Velvet Underground Discovery
75 cents to $100,000
Montreal student Warren Hill picked up this rare recording for pennies at a street sale in New York. Now he's put the disc on eBay and a bidding war has exploded
By JAMES ADAMS
Tuesday, December 5, 2006
A fragile preliminary pressing of the legendary 1967 debut vinyl recording by the Velvet Underground, bought by a Canadian collector four years ago for only 75 cents, is now for sale on eBay. As of yesterday afternoon, bidding had passed $110,000 (U.S.). The auction concludes Friday evening.
The acetate -- as the acetone-covered aluminum disc is called in music circles -- was posted for sale on Nov. 28 and in less than 72 hours it had scored more than 10,000 hits, with 70 individuals submitting bids, including the kick-off offer of $26.24. Bidding leaped to the $100,000 threshold early Sunday after various collectors had slowly pushed the action into the mid-five figures.
Montrealer Warren Hill bought the acetate at a street sale in lower Manhattan in September, 2002. A history student at the time at Concordia University, Hill, then 25, didn't know what he had purchased -- but later he and a friend, Eric Isaacson, proprietor of Mississippi Records and Repairs in Portland, Ore., determined that it was, in fact, a high-quality, likely heretofore never-played alternate version of The Velvet Underground and Nico, produced in New York in mid-1966.
Yesterday, Hill said he "[didn't] want to get too excited" by the interest the acetate is eliciting. "I don't know if people are scamming or what. If it comes true, great. But I'm not going to get super excited until the auction is over and the buyer is legit. I've been excited before and it didn't pan out."
Released in March, 1967, The Velvet Underground and Nico, with a cover (of a "peel slowly and see" banana) designed by the group's mentor, Andy Warhol, reportedly sold less than 50,000 copies on its first pass. But 36 years later, Rolling Stone magazine was naming it the 13th-greatest rock album of all time.
The acetate is of the Velvets' first studio recording session and features two fewer songs than the 11-track recording that was sold. However, at least four of the songs have completely different arrangements than those on the official release while the remainder have alternative sound mixes. Songs include such classics as Heroin, Venus in Furs, Femme Fatale and I'll Be Your Mirror, most written by Lou Reed, all of which have been cited as major influences by artists as varied as David Bowie, U2, REM, Joy Division, Roxy Music and Sonic Youth.
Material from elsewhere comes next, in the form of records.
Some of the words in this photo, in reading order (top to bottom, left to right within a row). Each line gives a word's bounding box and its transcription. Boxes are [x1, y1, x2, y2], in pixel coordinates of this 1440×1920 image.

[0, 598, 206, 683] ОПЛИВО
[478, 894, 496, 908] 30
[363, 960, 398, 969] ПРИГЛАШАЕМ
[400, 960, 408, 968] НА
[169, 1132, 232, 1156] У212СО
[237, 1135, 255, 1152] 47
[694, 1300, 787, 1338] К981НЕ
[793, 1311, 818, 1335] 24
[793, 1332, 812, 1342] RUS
Before going with eBay, Hill and Isaacson had thought they might sell the acetate via live auction, perhaps at one of the many collectors conventions held in the U.S., where they figured it might fetch at least $40,000. Discussions, too, were held with record companies -- but at least one label shied away from a deal after it was discovered that a Japanese bootlegger had released a three-CD set of Velvet rarities, Ultimate Mono and Acetates Album, featuring some of the same mixes on the acetate. Had the Japanese material originated from tapes made from Hill's acetate decades before he purchased it? Or was there another acetate in circulation? No one seems to know.